GST Considerations For New Business Owners
The Goods and Services Tax or GST is a consumption tax much more charged on most goods and services sold within Canada, regardless of where your business is available. Subject to certain exceptions, all businesses are required to charge GST Registration in India, currently at 5%, plus applicable provincial sales property taxes. A business effectively acts as an agent for Revenue Canada by collecting the required taxes and remitting them on a periodic basis. Businesses will also permitted to claim the taxes paid on expenses incurred that relate thus to their business activities. Components referred to as Input Tax Credits.
Does Your Business Need to File?
Prior to participating in any kind of economic activity in Canada, all business owners need to figure out how the GST and relevant provincial taxes apply to these guys. Essentially, all businesses that sell goods and services in Canada, for profit, should charge GST, except in the following circumstances:
Estimated sales for that business for 4 consecutive calendar quarters is expected to become less than $30,000. Revenue Canada views these businesses as small suppliers and they are therefore exempt.
The business activity is GST exempt. Exempt goods and services includes residential land and property, child care services, most health and medical services many others.

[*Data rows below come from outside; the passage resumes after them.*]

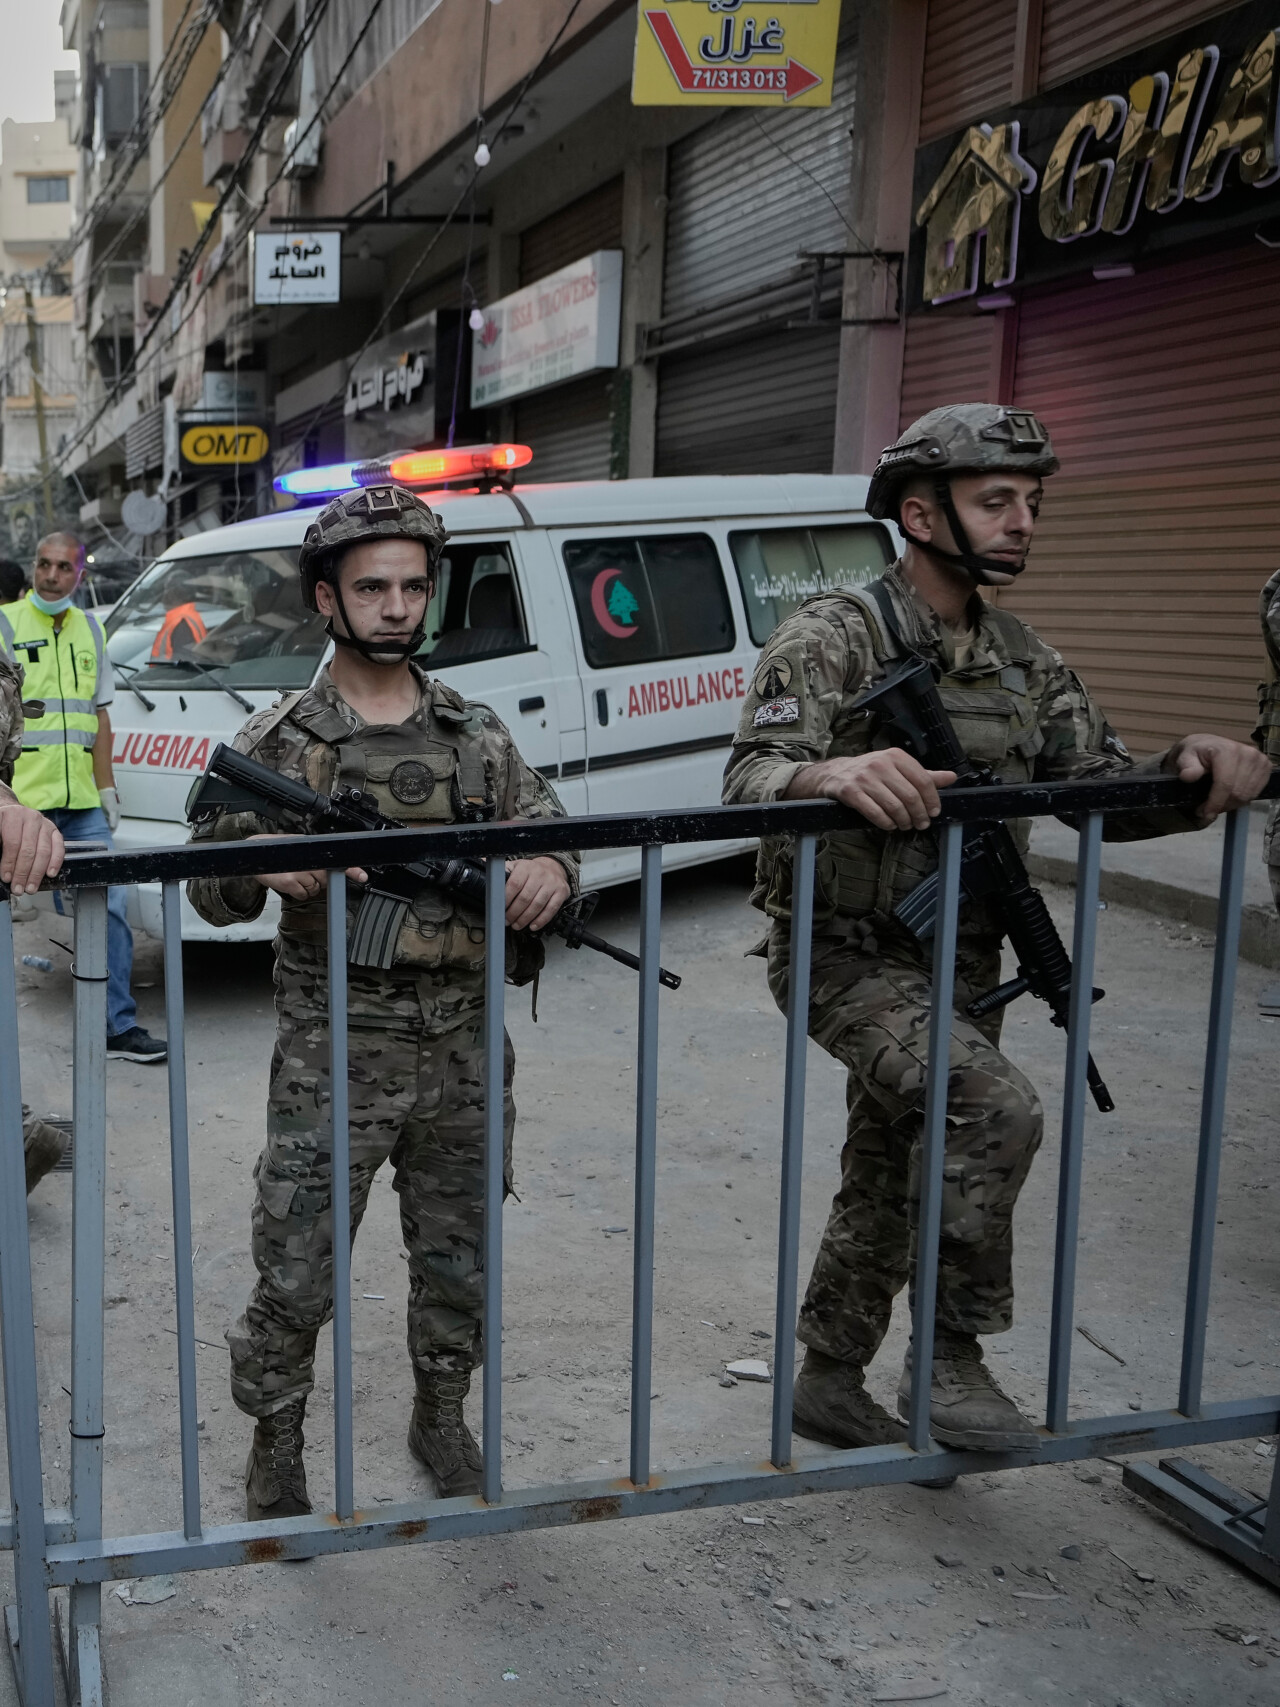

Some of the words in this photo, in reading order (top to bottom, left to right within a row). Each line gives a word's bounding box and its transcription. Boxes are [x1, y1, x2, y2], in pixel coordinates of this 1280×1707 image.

[699, 16, 784, 62] غزل
[692, 69, 751, 88] 71/313
[754, 70, 787, 89] 013
[538, 271, 597, 320] FLOWERS
[193, 432, 257, 457] OMT
[628, 666, 745, 718] AMBULANCE

Although a small supplier, i.e. an online-business with annual sales less than $30,000 is not required to file for GST, in some cases it is beneficial to do so. Since a business in a position to claim Input Tax credits (GST paid on expenses) if they are registered, many businesses, particularly in the start up phase where expenses exceed sales, may find them to be able to recover a significant involving taxes. This has to be balanced against prospective competitive advantage achieved from not charging the GST, provided additional administrative costs (hassle) from to be able to file returns.